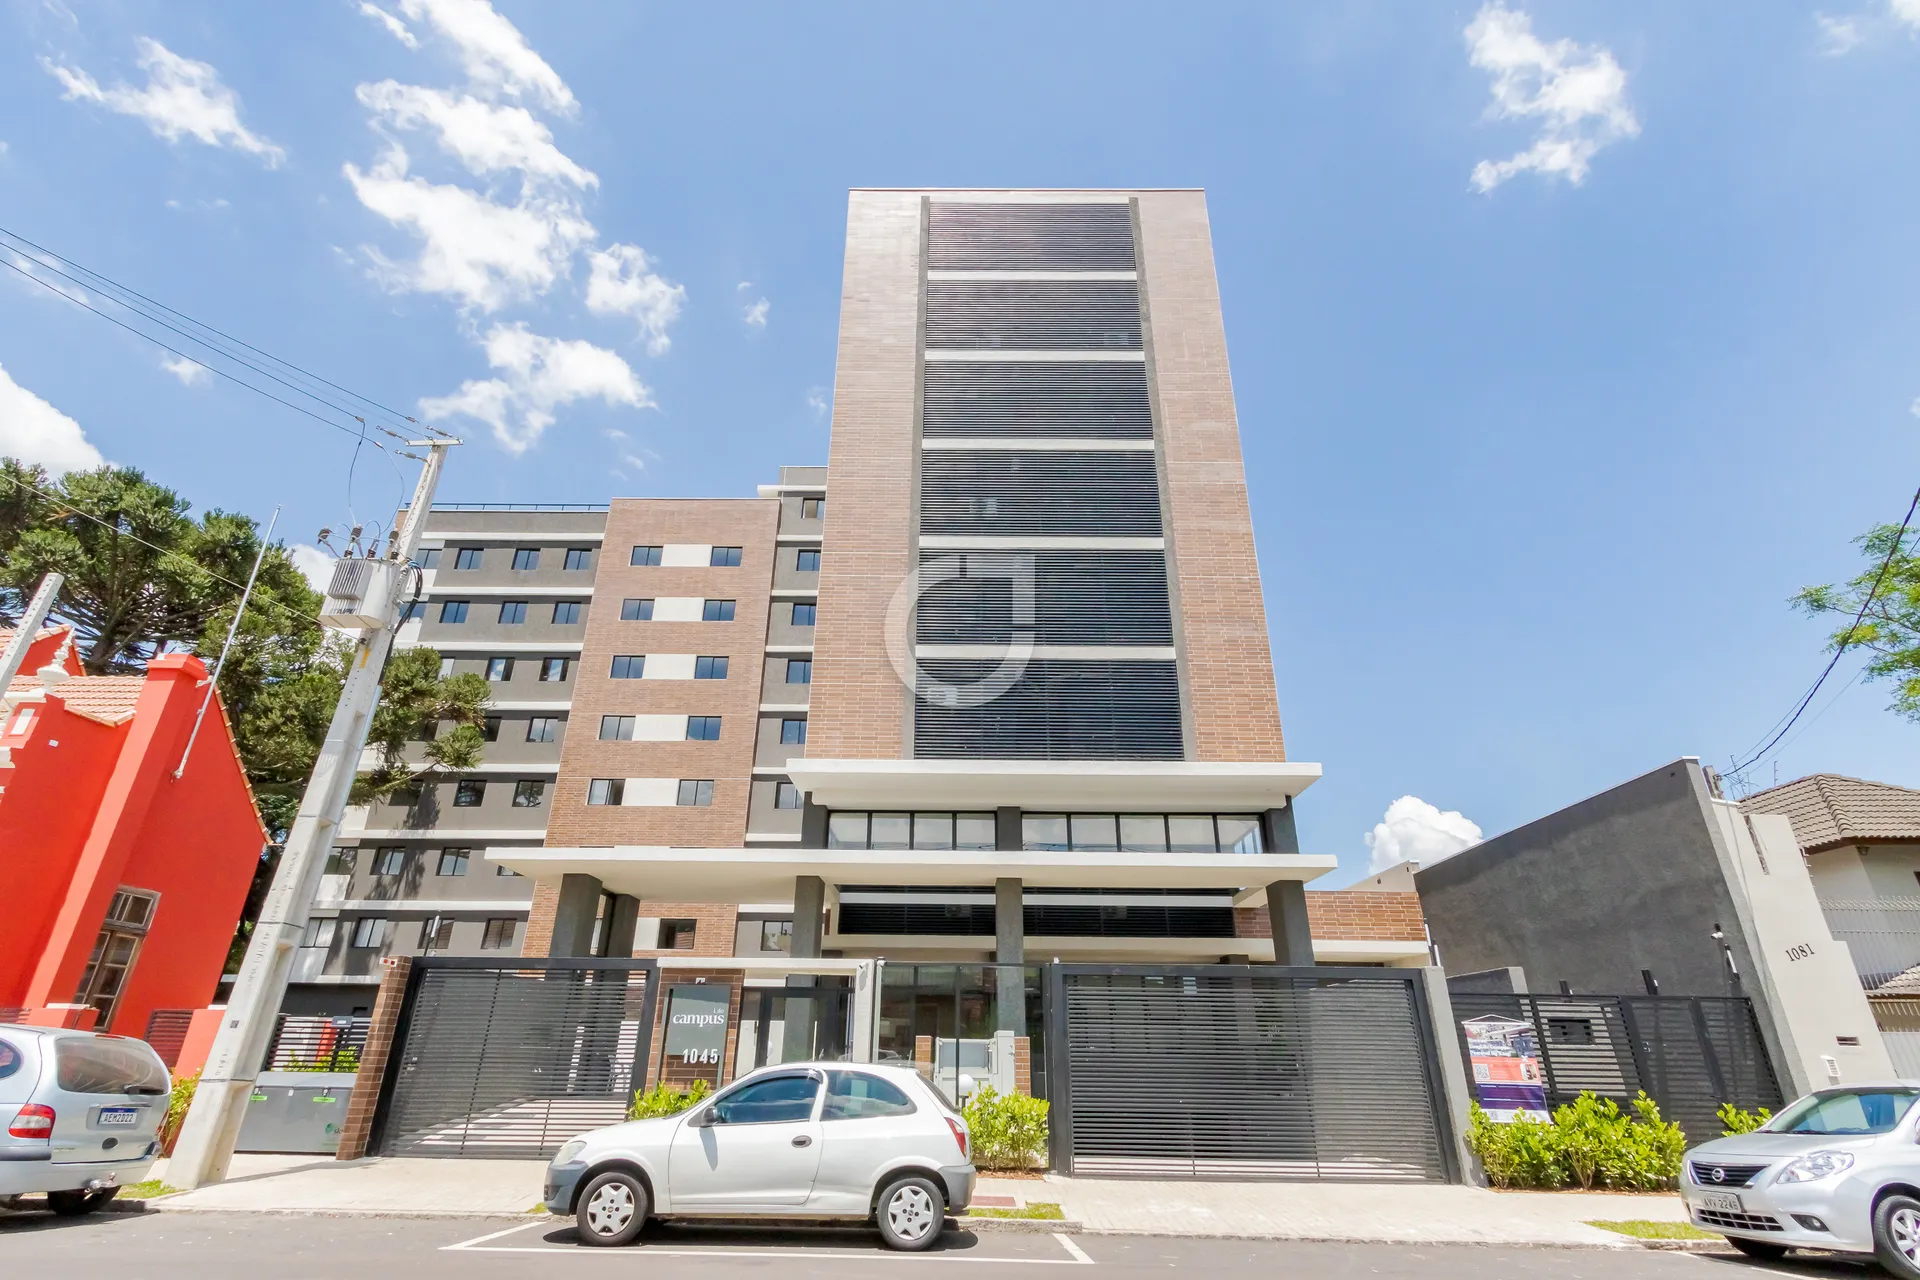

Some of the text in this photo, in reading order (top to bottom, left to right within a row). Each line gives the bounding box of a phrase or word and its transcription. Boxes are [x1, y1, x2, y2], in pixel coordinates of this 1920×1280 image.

[1785, 943, 1815, 962] 1081
[672, 1013, 725, 1027] campus
[682, 1048, 719, 1064] 1045
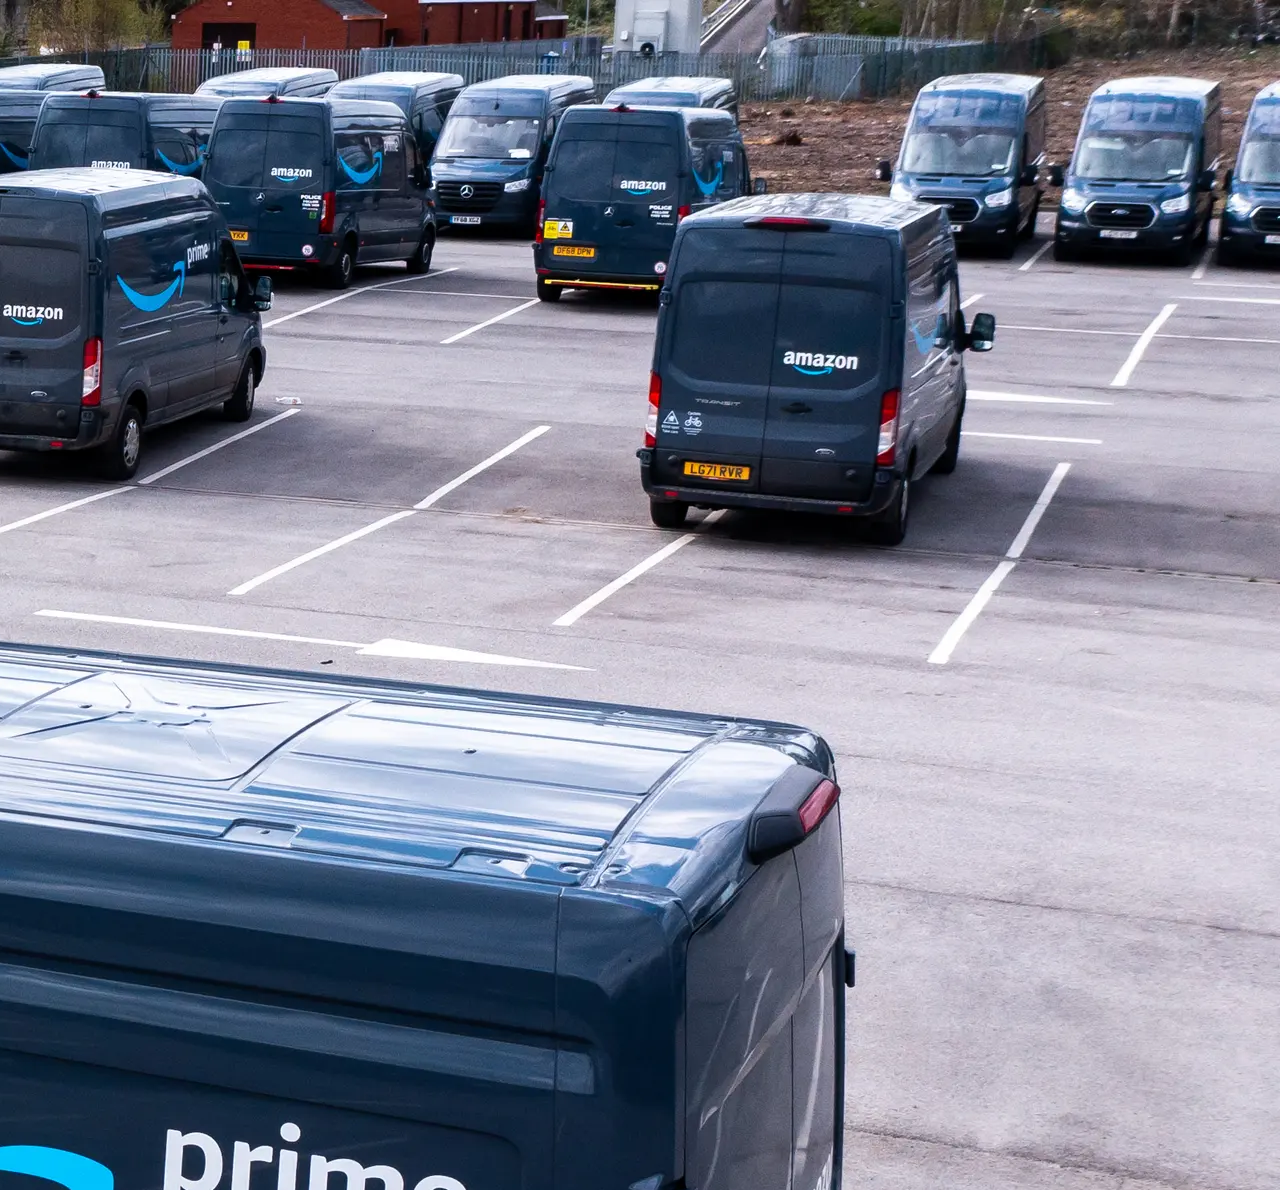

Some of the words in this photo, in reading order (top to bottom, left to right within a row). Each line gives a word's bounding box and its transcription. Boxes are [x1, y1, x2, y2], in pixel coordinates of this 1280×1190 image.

[91, 160, 130, 169] amazon
[271, 167, 312, 177] amazon
[620, 179, 666, 191] amazon
[187, 240, 208, 269] prime
[2, 304, 64, 320] amazon
[783, 350, 859, 370] amazon
[690, 463, 717, 475] LG71
[719, 466, 744, 478] RVR
────────────────────────────────────────
TASK PROMPT | Repeat all of the entries above word for word and omit the pictures.

FINAL ANSWER |
Some of the text in this photo, in reading order (top to bottom, left to right within a row). Each line gives the bounding box of a phrase or word and its transcription. Boxes are [x1, y1, x2, y2], in pixel coordinates of this 1920×1280 image.

[1785, 943, 1815, 962] 1081
[672, 1013, 725, 1027] campus
[682, 1048, 719, 1064] 1045

Some of the words in this photo, in reading order (top to bottom, left to right within a row). Each line gives a word's bounding box and its transcription. Boxes are [x1, y1, x2, y2], in pixel coordinates of this 1280×1190 image.

[91, 160, 130, 169] amazon
[271, 167, 312, 177] amazon
[620, 179, 666, 191] amazon
[187, 240, 208, 269] prime
[2, 304, 64, 320] amazon
[783, 350, 859, 370] amazon
[690, 463, 717, 475] LG71
[719, 466, 744, 478] RVR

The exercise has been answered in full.